From Points to Clouds

Learning Robust Semantic Distributions for Vision-Language Prompting

Overview

While Multimodal Prompt Learning (MPL) effectively adapts Vision-Language Models, optimizing a single static point representation can be limited by base-class overfitting and training instability. Furthermore, addressing this via external Large Language Models (LLMs) often introduces additional computational overhead and reliance on external priors.

To overcome these limitations endogenously, we propose Points-to-Clouds (P2C), a novel LLM-free framework that reframes prompt learning as a dynamic denoising task. P2C transitions from learning a deterministic point to a continuous semantic cloud via a dual denoising mechanism.

P2C Architecture Overview

Key Contributions

1. Endogenous and LLM-Free

P2C fundamentally challenges the reliance on external explicit knowledge (e.g., querying LLMs for attribute generation). It learns a robust semantic region entirely from within, ensuring scalability and preventing hallucinations in specialized domains.

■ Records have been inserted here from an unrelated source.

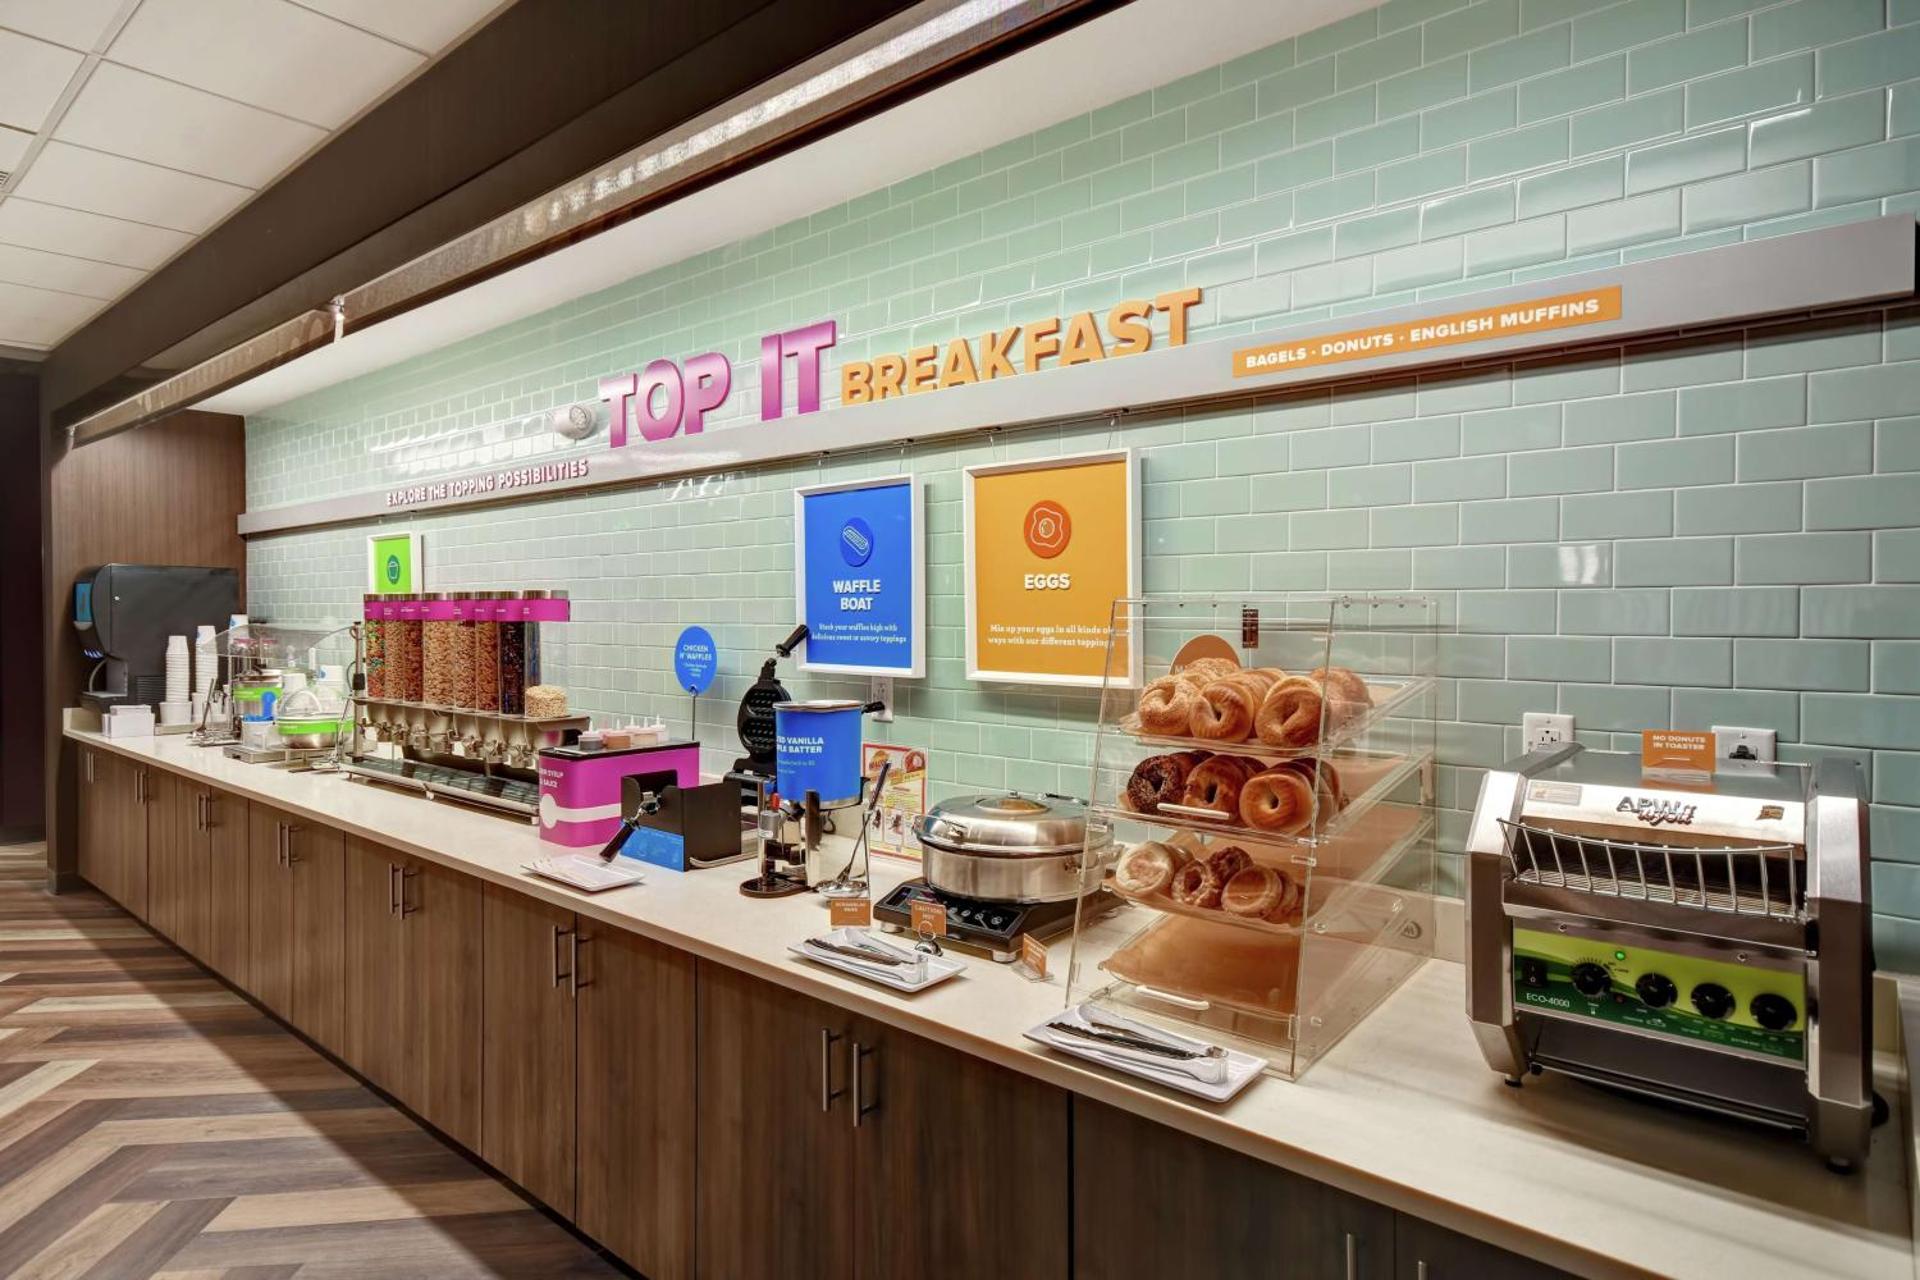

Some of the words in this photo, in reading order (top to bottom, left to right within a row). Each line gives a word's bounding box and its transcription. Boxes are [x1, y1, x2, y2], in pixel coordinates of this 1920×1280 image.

[1246, 347, 1307, 369] BAGELS
[1321, 332, 1393, 357] DONUTS
[1410, 316, 1493, 343] ENGLISH
[1500, 298, 1600, 328] MUFFINS
[599, 352, 731, 448] TOP
[761, 319, 836, 421] IT
[841, 288, 1202, 406] BREAKFAST
[386, 487, 427, 507] EXPLORE
[428, 483, 447, 501] THE
[450, 476, 495, 498] TOPPING
[498, 460, 589, 489] POSSIBILITIES
[832, 579, 881, 594] WAFFLE
[1024, 573, 1071, 590] EGGS
[840, 597, 874, 611] BOAT
[1006, 626, 1015, 635] up
[1016, 626, 1035, 635] your
[1036, 626, 1054, 636] eggs
[1055, 624, 1064, 633] in
[1065, 624, 1076, 633] all
[1007, 636, 1025, 645] with
[1041, 637, 1075, 646] different
[786, 736, 824, 745] VANILLA
[1665, 742, 1705, 751] TOASTER
[1668, 735, 1706, 744] DONUTS
[788, 745, 823, 754] BATTER
[1526, 992, 1571, 1009] ECO-4000
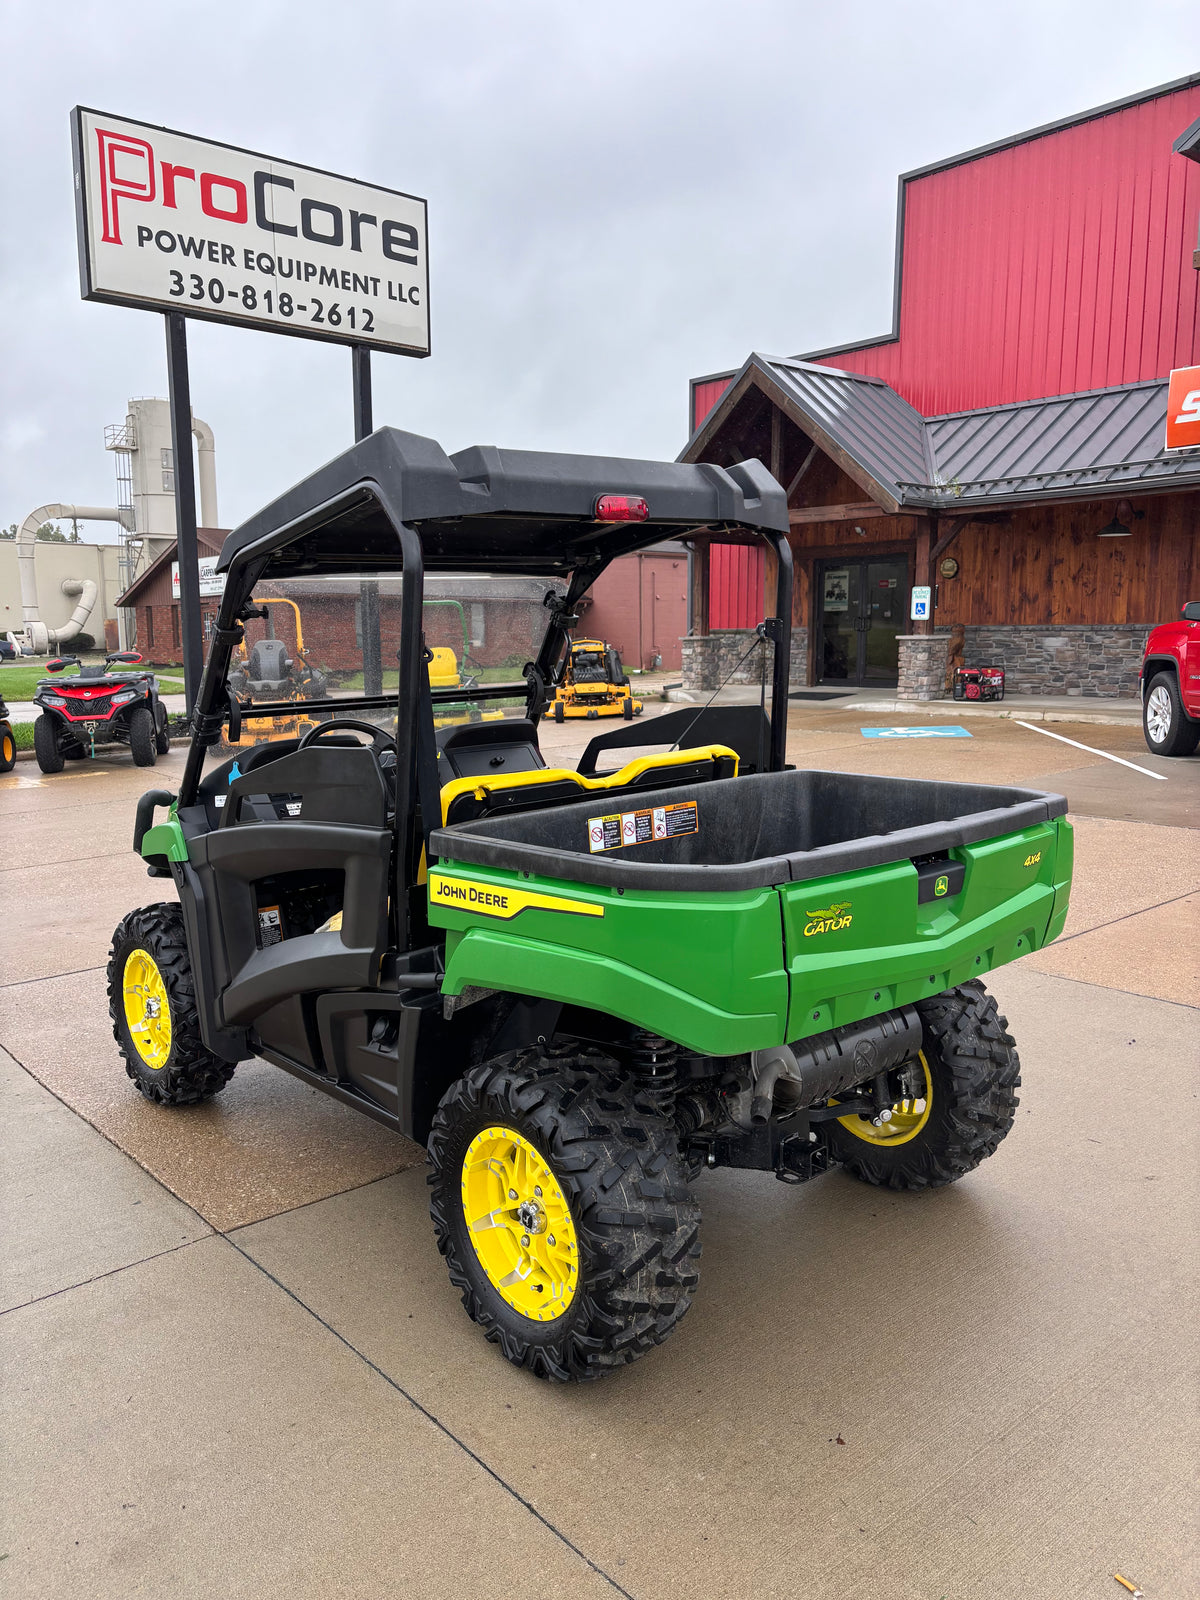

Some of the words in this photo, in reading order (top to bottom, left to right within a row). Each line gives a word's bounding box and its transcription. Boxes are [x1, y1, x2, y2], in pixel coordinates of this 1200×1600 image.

[95, 127, 419, 266] ProCore
[137, 225, 237, 267] POWER
[244, 249, 381, 296] EQUIPMENT
[387, 281, 420, 306] LLC
[169, 270, 375, 333] 330-818-2612
[201, 568, 216, 577] CARPEN
[803, 914, 853, 938] GATOR

2. Dual Denoising Mechanism

We introduce a synergistic denoising approach. A Dynamic Prompt Denoising (DPD) module injects annealed GMM noise into text prompts. Simultaneously, an auxiliary consistency loss explicitly forces the V-L Mapper to reconstruct clean visual prompts from these perturbed inputs.

3. Structural Stabilizer

By smoothing the optimization landscape, P2C acts as an effective stabilizer. It significantly mitigates the initialization variance commonly observed in prompt learning and enables reliable convergence regardless of prompt capacity or random seeds.

Empirical Performance

Extensive experiments across 11 diverse datasets highlight the superiority of P2C. It achieves a state-of-the-art 79.7% harmonic mean on the challenging base-to-novel generalization benchmark, alongside excellent cross-dataset transferability.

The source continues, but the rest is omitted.